Один из дружинников дернул руку к мечу - но новая стрела просто пригвоздила его к сидению. Еще парочка стрел, прилетевших из окон, воткнулись в пол у ног невесты - мол, не смей дурить. Распахнулись двери - и вошедший высокий воин в доспехах, с массивным, окровавленным топориком в руках. Короткий, без замаха, удар - и благообразный старик-жрец оседает на пол, из раскроенного черепа брызжут кровь и мозги. Могучим пинком отшвырнув мертвеца в сторону, налетчик плюнул на тело и произнес:
- Нехорошо устраивать свадьбу, но не приглашать тех, чьим золотом платят выкуп за невесту! А уж благословлять молодых именем Богов, видевших преступление...
- Фодр милостивый, они шли за нами от самой Тэзары, - пробормотал седоусый дружинник. - Скоты...
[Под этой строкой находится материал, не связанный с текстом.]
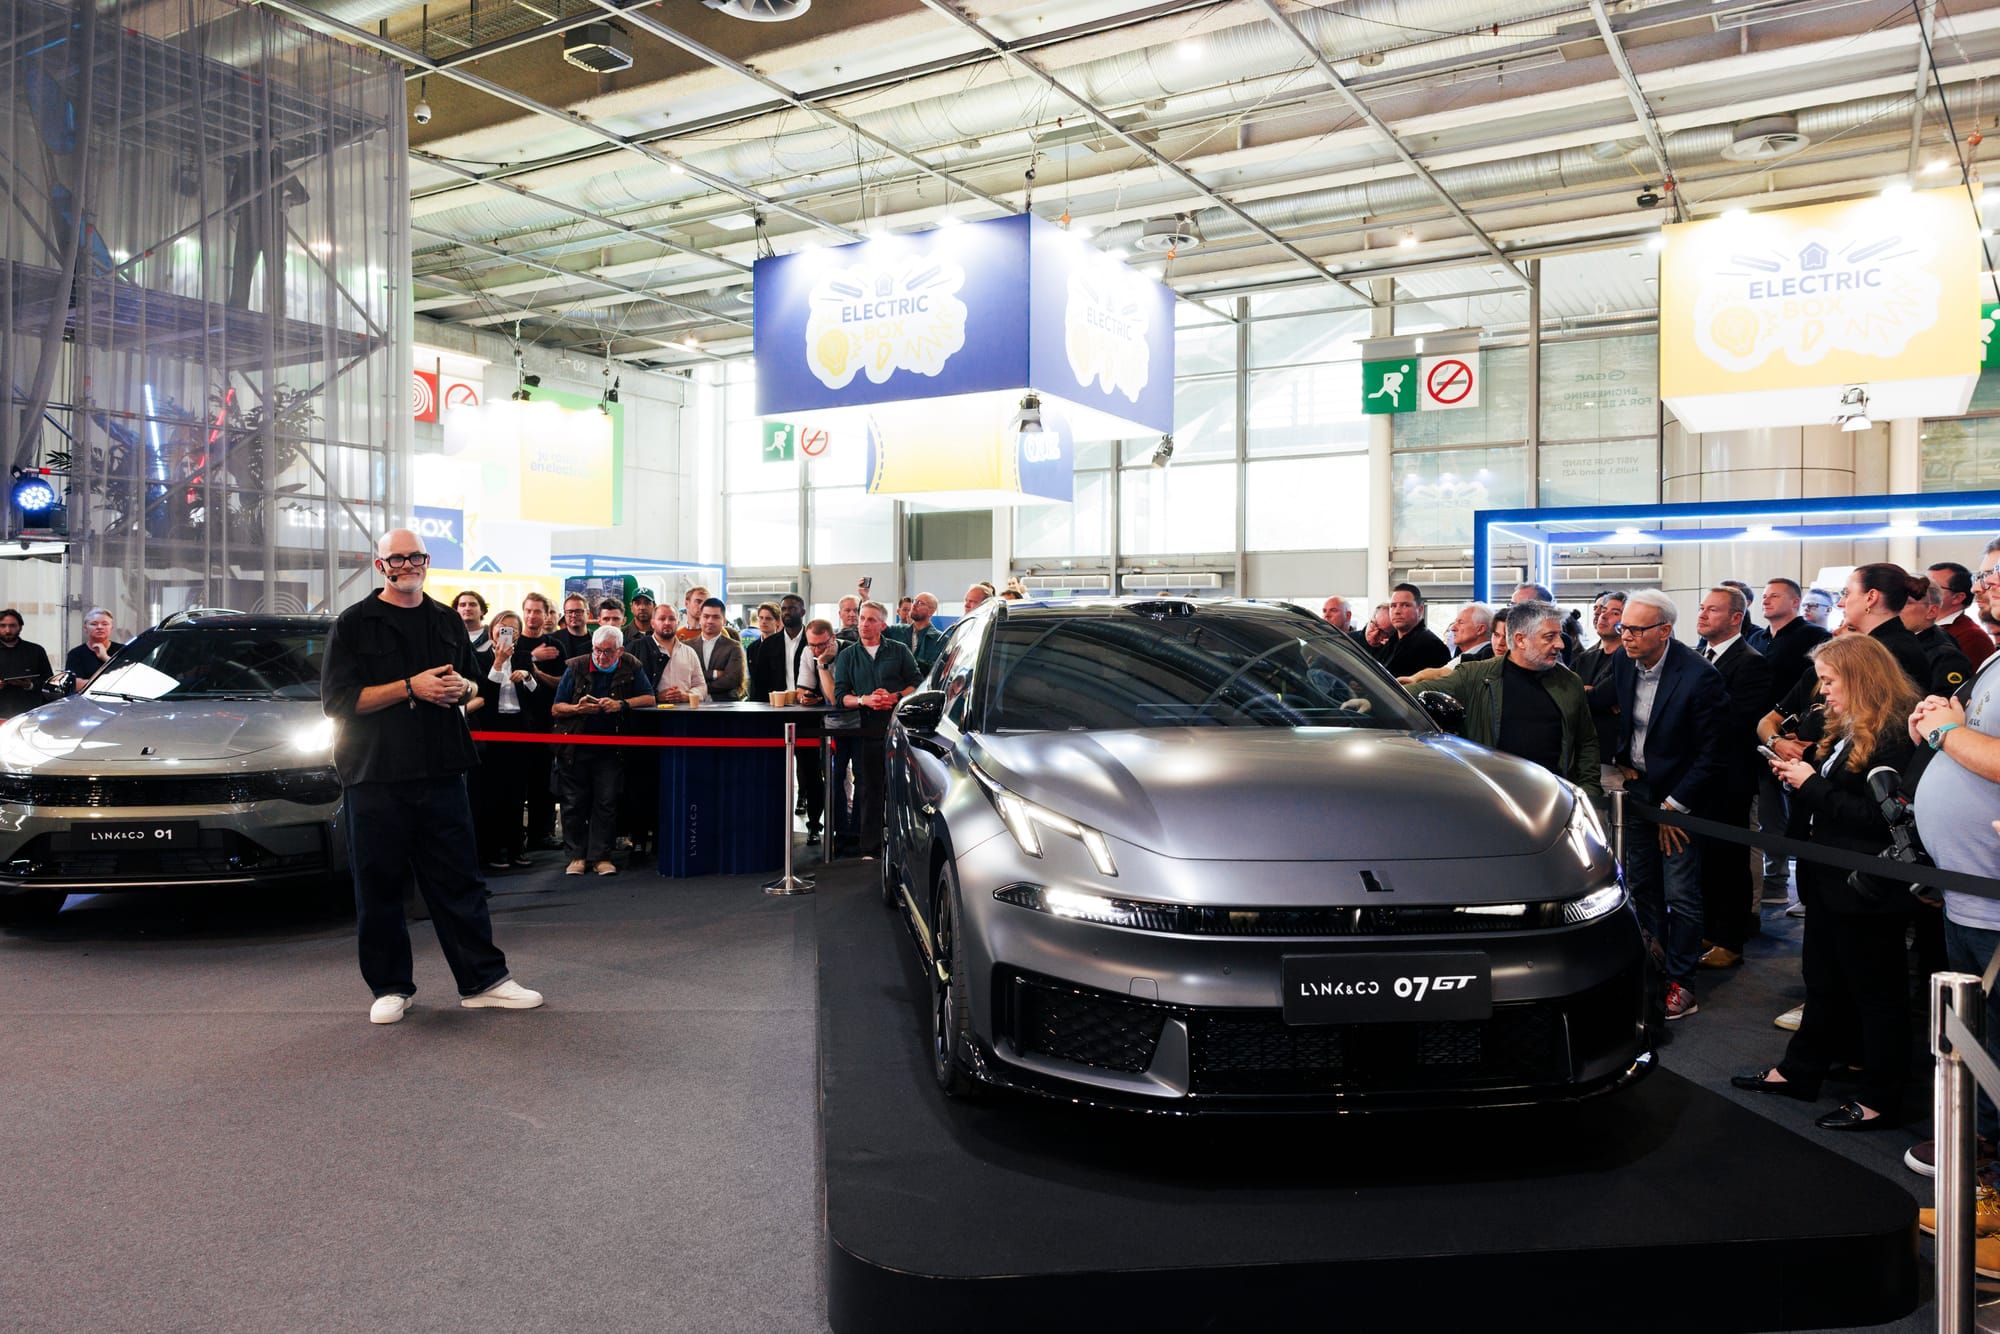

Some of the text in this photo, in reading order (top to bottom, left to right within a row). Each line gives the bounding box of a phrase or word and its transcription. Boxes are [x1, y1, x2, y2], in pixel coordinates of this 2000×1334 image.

- Не советую браться за мечи, - продолжал кетадрин. - Кто не понял, будет убит на месте. Отстегните ножны от пояса и медленно положите их вон на тот стол.
Некоторые из дружинников заколебались.
- Не слу... - крикнул - и захрипел со стрелой в животе отец невесты. Это подействовало: куча оружия на столе в центре зала стала расти. С улицы уже доносились крики и стоны: сомнений нет, в крепости не кучка мстителей, а вражеское войско.
- Мое почтение, госпожа Хидда, - издевательски склонил голову кетадрин. И Эвинна на миг почувствовала себя отомщенной. За все, и даже с лихвой. - Меня люди зовут Беррад ван Вест, а прозывают Наездником. Не только потому, что у меня есть конь, но и потому, что я объезжаю любую норовистую кобылицу. Скоро вы в этом убедитесь.
- Что ты хочешь сказать, горный козел? - несостоявшаяся невеста еще пыталась изобразить королевское достоинство. Получалось плохо. Наверняка ей вспомнилось, как жених насиловал рабыню. Стоило представить, что миг спустя и ее так же... Возможно, прямо на несостоявшемся брачном ложе... - Да по какому праву...
- По праву меча, - усмехнулся кетадрин. - По праву меча ты являешься лишь рабыней любого из моих людей. И, клянусь Повелителем Снегов, ты заставишь насладиться сперва меня, а потом их всех. И если хоть кто-то мне пожалуется на твою холодность... А это крысиное дерьмо, - указал кетадрин на окровавленное тело жениха. - Посмотрит, как надо любить женщин.
Тут Эвинна с ужасом заметила, что герцог еще жив. Стрела пробила легкое, из раны выходили кровавые пузыри, кровь сочилась и изо рта. Лицо перекосила жуткая, запредельная боль. Но в затуманенных мукой глазах плескалась неизбывная ненависть. Сейчас он не мог пошевелить и пальцем, оставалось лишь смотреть, как насилуют ту, кто была рождена для него. Может быть, ему тоже вспомнилась Эвинна. А может быть, боль уже выжгла все воспоминания, сохранив только ненависть.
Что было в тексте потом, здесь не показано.